Soms, als hij bezig was om de zachte, slechte stenen op elkaar te metselen, met specie waar bijna geen cement in zat, dan lachte hij lekker en dacht bij zichzelf: "Wel, wel, die oude stenen zijn niet eens bestand tegen regen. Ze zullen vol water zuigen en de muur zal nog in elkaar zakken. Hopelijk op een nacht wanneer die oude kerel op bed ligt. Dan zakt het hele spul als een pudding in elkaar."

"Ha-ha-ha," lachte hij, als hij dan bezig was om een oud, scheef raam in het kozijn te plaatsen. "Geloof me, dit wordt lachen, als het op een nacht goed gaat stormen. Dit domme raam zal nog uitwaaien, maar ik zal zorg dat ik ver weg ben. Mij zal hij niet meer te pakken krijgen!"

Na maanden was het huis gereed. Jan had alles geverfd en gepleisterd. Hij hoefde alleen nog maar te wachten op de eigenaar. Dan kon hij hem betalen. Op zekere dag arriveerde de man en kort daarop riep hij Jan. Samen reden ze naar het nieuwe huis. Jan voelde wat ongemakkelijk maar liet niets merken en deed heel vriendelijk, zodat de man niets zou ontdekken.

De baas parkeerde recht voor het huis, bekeek het allemaal eens goed en haalde daarna een groot, opgevouwen document uit zijn jaszak. Hij vouwde het langzaam open, terwijl Jan hem in de ogen keek: "Luister Jan," zei hij, "Marie werkt nu al zoveel jaren voor ons en mijn vrouw en ik willen heel graag een goed geschenk aan jullie geven. Vanaf nu is dit jullie huis. Hier zijn de overdrachtspapieren. Zolang jullie leven zijn jullie eigenaar!"

Jan voelde zijn benen plotseling lam worden en hij werd vreselijk misselijk op zijn maag. "Dank u meneer," prevelde hij met een droge mond, maar in zijn hart zei hij bij zichzelf: "Wat een enorme dwaas ben ik toch geweest! Als ik dat geweten had, dat ik voor de rest van mijn leven eigenaar van dit huis zou worden, dan had ik het gebouwd met de mooiste bouwmaterialen! O, wat heeft mij mankeert, dat ik steeds gedacht heb dat de baas in gevaar zou zijn als er storm zou komen. De hele tijd was ik het zelf die nooit meer een rustige nacht zal hebben! O, hoe graag had ik een huis gehad van mooie siersteen, zoals andere mensen. Ik heb mezelf bedrogen. Ik ben mijn eigen grootste vijand geweest! O, wat heb ik nu een spijt. Nu is het te laat!"
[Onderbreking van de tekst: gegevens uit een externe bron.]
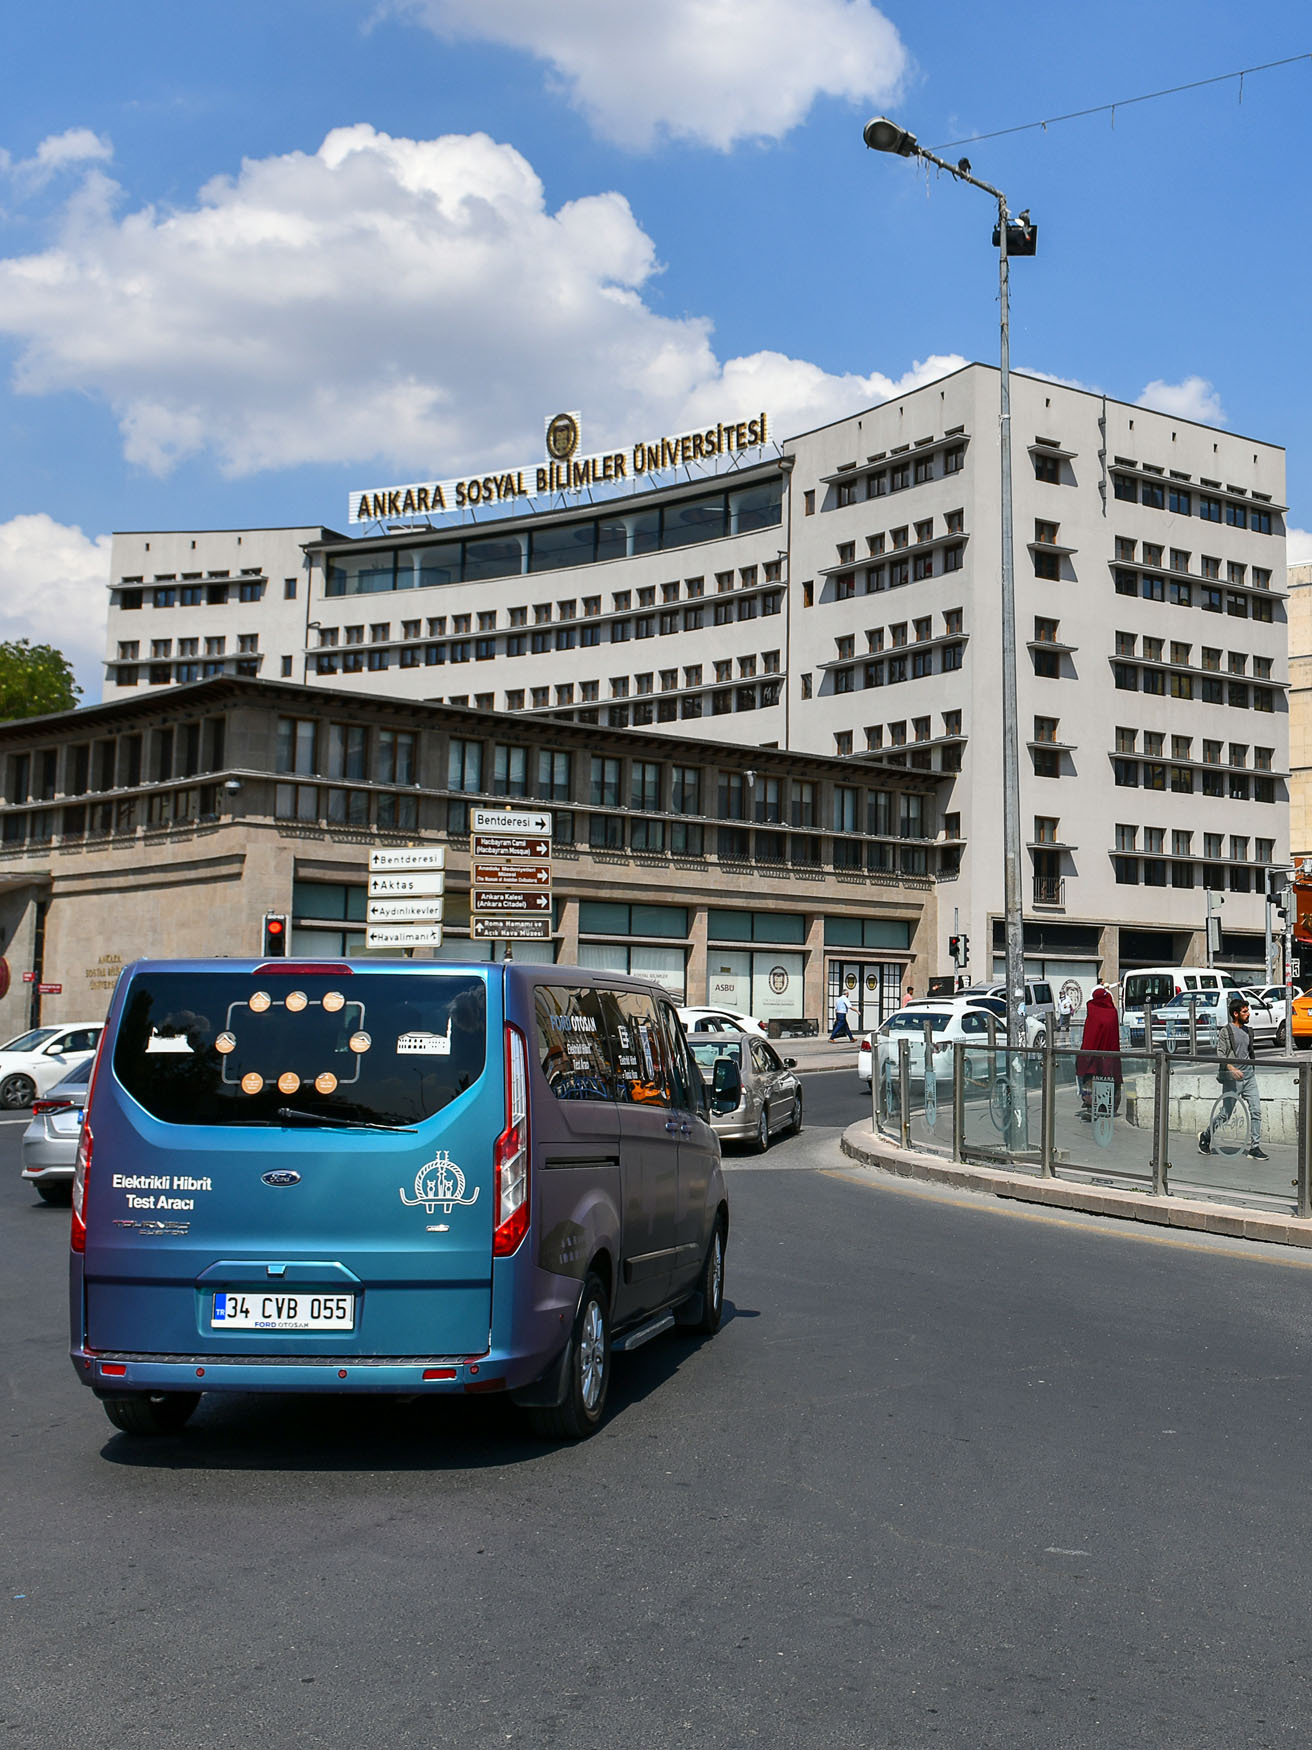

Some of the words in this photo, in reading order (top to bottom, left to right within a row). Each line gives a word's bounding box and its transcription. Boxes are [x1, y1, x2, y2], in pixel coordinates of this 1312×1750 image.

[357, 485, 447, 519] ANKARA
[455, 471, 528, 507] SOSYAL
[536, 458, 627, 492] BİLİMLER
[633, 412, 768, 473] ÜNİVERSİTESİ
[477, 815, 530, 827] Bentderesi
[380, 854, 437, 864] Bentderesi
[380, 880, 414, 890] Aktaş
[379, 905, 439, 917] Aydınlıkevler
[377, 932, 429, 942] Havalimanı
[550, 1015, 572, 1032] FORD
[571, 1015, 597, 1032] OTOSAN
[112, 1174, 170, 1190] Elektrikli
[173, 1176, 212, 1191] Hibrit
[269, 1173, 292, 1183] Ford
[126, 1194, 155, 1209] Test
[156, 1196, 194, 1210] Aracı
[227, 1297, 250, 1318] 34
[262, 1297, 298, 1319] CVB
[310, 1298, 347, 1319] 055
Dit verhaal beschrijft het leven van veel jongeren. Het leven van menig kind is mislukt terwijl het een groot succes had kunnen zijn. Wanneer een kind ongehoorzaam of eigenwijs is, denkt het vaak dat het zijn ouders of onderwijzers in de maling neemt, maar de hele tijd heeft het zichzelf grote schade aangedaan.

De duivel is onze grootste vijand. Met alles wat vader en moeder ons willen leren, willen wij vaak niet luisteren. Dan zegt de duivel: "Niet luisteren, gewoon je eigen zin doen." Dan is het kind eigenwijs en gaat het zijn eigen weg. Hij beseft nog steeds niet dat hij bezig is om de prachtige sierstenen van een goede opvoeding bij de duivel in te ruilen voor slordigheid, slechte manieren en een lelijk karakter.
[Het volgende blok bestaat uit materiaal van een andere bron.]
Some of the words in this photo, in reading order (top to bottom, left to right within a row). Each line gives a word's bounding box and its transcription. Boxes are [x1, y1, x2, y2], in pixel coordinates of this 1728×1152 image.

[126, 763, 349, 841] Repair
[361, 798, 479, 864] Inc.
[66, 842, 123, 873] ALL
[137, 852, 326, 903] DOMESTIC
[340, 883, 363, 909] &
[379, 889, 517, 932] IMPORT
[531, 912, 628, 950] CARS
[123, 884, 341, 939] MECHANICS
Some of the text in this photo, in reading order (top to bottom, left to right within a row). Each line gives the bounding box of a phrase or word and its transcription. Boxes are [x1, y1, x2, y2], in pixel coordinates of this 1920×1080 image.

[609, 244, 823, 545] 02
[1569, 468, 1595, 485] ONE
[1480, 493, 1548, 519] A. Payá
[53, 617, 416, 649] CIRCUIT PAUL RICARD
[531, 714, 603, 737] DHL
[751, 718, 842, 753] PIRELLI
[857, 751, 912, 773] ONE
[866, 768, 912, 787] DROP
Later, wanneer het kind volwassen wordt, ontdekt het dat goede, welopgevoede mensen hem ontlopen. Dat hij nooit naar hun huis of feestje uitgenodigd wordt. Dan wordt hun leven eenzaam en komen ze erachter dat dit gebeurt omdat zij hun levenshuisje gebouwd hebben met de verkeerde materialen. Dan ontdekken ze te laat dat niemand anders dan zijzelf met de gevolgen moeten verder leven.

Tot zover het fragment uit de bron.